Ground-doves feed mostly on the ground while flycatchers catch flying insects and eat small fruits and such so, really, the two species aren't competing for resources. Why would Nature produce a species like Social Flycatchers, then, who habitually go about, every day, loudly and shrilly antagonizing not only ground-doves but also many other species?

In human society we have the same thing, certain individuals and families habitually and inevitably -- even when there's no reason for it -- stirring things up, bringing confusion and disharmony wherever they go. I wonder: Could it be that in every complex, evolving system there must be, for some mysterious reason, a little random mischief and chaos? Maybe, among birds, humans and other social beings, some disruptive behavior is necessary for society's long-term maintenance.

Whatever the case, I felt sorry for the little ground-doves, who that morning seemed to want nothing more than to be left alone so they could preen together in the sunshine.


Most orchids need a good bit of humidity, so the Yucatán with its long, severe dry seasons isn't a particularly good place for them. So far we've documented four species around Hacienda Chichen, and I figured that that was about all I'd find. Then this week, along a forest trail, I noticed what's shown at http://www.backyardnature.net/n/11/110410io.jpg.

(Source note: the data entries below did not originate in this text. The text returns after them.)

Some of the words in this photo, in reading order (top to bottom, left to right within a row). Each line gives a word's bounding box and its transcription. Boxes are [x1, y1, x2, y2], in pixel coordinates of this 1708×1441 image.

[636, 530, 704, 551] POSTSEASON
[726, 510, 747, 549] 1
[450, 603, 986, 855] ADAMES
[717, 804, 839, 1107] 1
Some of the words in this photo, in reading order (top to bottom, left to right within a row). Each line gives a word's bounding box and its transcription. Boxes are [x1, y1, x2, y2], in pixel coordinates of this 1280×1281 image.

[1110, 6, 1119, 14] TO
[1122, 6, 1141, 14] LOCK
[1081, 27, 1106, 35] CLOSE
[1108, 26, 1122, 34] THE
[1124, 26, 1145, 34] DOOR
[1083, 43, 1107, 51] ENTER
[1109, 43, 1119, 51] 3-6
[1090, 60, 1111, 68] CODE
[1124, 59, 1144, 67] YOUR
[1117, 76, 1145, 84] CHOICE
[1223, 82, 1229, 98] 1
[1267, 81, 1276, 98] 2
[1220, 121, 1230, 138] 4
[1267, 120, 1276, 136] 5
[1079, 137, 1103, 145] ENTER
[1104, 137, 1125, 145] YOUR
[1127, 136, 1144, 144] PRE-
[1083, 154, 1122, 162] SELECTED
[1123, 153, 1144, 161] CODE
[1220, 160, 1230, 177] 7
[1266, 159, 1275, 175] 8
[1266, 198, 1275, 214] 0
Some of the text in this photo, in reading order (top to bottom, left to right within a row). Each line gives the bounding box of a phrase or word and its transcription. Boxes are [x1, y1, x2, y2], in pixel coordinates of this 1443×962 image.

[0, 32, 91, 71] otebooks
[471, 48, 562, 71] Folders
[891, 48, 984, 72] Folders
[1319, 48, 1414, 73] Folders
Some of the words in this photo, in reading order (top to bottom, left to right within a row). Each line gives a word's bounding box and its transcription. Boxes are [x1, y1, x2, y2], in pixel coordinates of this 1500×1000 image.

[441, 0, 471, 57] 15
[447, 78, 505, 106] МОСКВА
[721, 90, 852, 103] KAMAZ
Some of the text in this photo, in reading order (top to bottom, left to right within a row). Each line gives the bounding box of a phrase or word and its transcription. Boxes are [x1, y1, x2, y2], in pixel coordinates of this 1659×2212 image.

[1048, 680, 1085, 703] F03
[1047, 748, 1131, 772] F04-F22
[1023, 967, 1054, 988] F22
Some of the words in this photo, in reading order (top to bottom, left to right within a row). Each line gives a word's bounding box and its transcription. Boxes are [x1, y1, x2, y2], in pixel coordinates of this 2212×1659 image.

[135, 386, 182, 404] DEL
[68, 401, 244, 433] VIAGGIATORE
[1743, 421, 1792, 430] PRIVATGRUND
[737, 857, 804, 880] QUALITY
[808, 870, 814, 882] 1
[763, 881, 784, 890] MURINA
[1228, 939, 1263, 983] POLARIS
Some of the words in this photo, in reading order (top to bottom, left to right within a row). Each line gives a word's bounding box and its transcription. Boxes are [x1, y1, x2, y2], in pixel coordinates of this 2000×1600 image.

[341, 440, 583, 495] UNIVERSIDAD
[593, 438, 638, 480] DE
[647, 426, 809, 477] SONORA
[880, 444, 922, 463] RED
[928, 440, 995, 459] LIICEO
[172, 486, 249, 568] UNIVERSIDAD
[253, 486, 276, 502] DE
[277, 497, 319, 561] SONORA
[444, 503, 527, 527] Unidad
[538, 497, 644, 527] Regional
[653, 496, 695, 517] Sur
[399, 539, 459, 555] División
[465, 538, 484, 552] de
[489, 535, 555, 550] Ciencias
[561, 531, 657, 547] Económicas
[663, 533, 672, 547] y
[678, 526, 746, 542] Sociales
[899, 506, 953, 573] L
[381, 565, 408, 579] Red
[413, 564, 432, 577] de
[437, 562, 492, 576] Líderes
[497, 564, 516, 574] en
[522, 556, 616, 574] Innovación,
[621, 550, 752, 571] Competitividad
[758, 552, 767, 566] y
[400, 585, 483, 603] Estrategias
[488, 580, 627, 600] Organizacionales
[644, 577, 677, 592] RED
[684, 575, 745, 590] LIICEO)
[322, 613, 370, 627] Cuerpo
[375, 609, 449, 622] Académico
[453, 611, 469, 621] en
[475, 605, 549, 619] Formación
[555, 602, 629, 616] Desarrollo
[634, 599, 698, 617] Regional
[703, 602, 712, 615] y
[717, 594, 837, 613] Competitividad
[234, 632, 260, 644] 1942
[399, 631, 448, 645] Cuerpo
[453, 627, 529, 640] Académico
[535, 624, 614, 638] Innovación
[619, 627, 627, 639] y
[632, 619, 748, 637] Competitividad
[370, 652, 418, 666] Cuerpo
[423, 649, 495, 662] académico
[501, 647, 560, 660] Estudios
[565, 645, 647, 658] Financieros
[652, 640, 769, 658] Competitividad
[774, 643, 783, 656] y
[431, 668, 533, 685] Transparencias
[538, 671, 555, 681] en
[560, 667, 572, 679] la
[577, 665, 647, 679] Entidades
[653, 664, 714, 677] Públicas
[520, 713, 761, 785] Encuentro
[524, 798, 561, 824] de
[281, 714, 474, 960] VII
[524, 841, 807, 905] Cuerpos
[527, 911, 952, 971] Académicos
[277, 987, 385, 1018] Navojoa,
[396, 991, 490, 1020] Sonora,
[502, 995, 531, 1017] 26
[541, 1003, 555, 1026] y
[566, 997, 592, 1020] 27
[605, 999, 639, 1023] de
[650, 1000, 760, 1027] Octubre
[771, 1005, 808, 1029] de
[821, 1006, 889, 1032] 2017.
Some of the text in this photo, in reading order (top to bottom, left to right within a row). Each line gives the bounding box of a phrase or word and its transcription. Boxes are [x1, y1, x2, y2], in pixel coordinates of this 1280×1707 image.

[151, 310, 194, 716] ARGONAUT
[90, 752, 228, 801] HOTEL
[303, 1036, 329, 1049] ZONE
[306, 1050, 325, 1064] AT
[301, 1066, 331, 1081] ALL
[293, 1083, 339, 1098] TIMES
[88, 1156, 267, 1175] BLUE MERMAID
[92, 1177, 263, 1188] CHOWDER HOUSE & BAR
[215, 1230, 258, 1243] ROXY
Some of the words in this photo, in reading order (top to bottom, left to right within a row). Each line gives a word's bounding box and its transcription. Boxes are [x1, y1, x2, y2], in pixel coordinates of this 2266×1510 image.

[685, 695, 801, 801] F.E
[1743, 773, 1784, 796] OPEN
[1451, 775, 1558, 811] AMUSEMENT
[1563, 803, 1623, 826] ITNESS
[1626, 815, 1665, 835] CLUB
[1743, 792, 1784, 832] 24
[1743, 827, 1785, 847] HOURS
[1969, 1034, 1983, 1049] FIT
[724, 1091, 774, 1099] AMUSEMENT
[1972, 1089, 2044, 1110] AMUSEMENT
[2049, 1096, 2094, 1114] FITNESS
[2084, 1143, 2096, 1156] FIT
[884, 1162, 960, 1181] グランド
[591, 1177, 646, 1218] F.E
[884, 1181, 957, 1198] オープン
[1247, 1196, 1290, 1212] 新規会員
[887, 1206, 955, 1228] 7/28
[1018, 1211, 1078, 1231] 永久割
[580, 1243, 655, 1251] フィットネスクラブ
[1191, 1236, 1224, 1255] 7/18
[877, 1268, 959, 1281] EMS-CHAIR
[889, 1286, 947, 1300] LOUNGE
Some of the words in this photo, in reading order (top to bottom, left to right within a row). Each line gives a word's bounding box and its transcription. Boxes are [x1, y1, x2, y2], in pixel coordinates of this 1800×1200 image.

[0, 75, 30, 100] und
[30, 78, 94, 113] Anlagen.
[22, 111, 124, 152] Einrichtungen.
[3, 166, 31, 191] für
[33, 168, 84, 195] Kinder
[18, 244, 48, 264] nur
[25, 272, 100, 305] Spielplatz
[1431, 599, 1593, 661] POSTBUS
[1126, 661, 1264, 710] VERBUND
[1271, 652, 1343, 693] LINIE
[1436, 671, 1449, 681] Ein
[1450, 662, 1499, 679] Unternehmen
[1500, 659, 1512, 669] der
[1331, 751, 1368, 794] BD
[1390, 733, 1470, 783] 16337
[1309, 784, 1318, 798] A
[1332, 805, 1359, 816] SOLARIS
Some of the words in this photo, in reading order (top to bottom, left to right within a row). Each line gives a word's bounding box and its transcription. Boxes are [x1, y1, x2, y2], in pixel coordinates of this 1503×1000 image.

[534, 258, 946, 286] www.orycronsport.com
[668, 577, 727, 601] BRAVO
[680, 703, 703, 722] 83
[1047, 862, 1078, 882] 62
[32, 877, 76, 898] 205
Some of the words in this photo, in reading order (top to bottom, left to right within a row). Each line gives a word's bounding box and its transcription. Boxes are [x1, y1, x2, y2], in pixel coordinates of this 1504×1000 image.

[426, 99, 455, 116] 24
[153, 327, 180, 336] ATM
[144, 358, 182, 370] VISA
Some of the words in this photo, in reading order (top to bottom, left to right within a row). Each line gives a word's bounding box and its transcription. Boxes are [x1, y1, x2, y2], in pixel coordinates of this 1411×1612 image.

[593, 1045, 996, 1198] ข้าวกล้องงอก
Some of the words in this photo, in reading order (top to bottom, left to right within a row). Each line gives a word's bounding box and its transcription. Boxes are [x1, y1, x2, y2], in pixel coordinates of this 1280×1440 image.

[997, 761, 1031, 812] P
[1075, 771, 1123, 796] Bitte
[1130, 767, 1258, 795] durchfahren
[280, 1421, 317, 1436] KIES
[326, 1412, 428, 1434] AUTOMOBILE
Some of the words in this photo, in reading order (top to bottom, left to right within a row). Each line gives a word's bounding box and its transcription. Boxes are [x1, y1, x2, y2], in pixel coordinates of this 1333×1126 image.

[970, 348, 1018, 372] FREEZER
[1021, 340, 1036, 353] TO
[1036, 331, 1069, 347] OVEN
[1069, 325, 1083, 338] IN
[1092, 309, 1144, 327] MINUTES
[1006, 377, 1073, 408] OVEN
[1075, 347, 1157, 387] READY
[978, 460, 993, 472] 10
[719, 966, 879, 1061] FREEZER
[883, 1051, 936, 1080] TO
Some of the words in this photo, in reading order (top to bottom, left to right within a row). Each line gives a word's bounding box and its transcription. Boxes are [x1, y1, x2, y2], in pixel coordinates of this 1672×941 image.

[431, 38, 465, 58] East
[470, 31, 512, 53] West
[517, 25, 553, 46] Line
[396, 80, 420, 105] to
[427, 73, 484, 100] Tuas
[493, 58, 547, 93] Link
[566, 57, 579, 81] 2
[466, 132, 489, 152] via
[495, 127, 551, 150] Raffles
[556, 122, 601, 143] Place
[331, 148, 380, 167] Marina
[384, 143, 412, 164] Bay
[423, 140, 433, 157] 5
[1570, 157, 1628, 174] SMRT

That's the smallest, most fragile-looking orchid found here yet, one that had grown attached to a tree twig that broke and fell, catching in weeds at a trail's edge. You can see its thick, white, nitrogen-fixing, mycorrhiza-coated roots wandering over the dead twig and a dried leaf, and groping in the air for any support at all -- as well as a small, flattened pseudobulb emerging between the bases of the two leaves at the right in the picture -- at http://www.backyardnature.net/n/11/110410ip.jpg.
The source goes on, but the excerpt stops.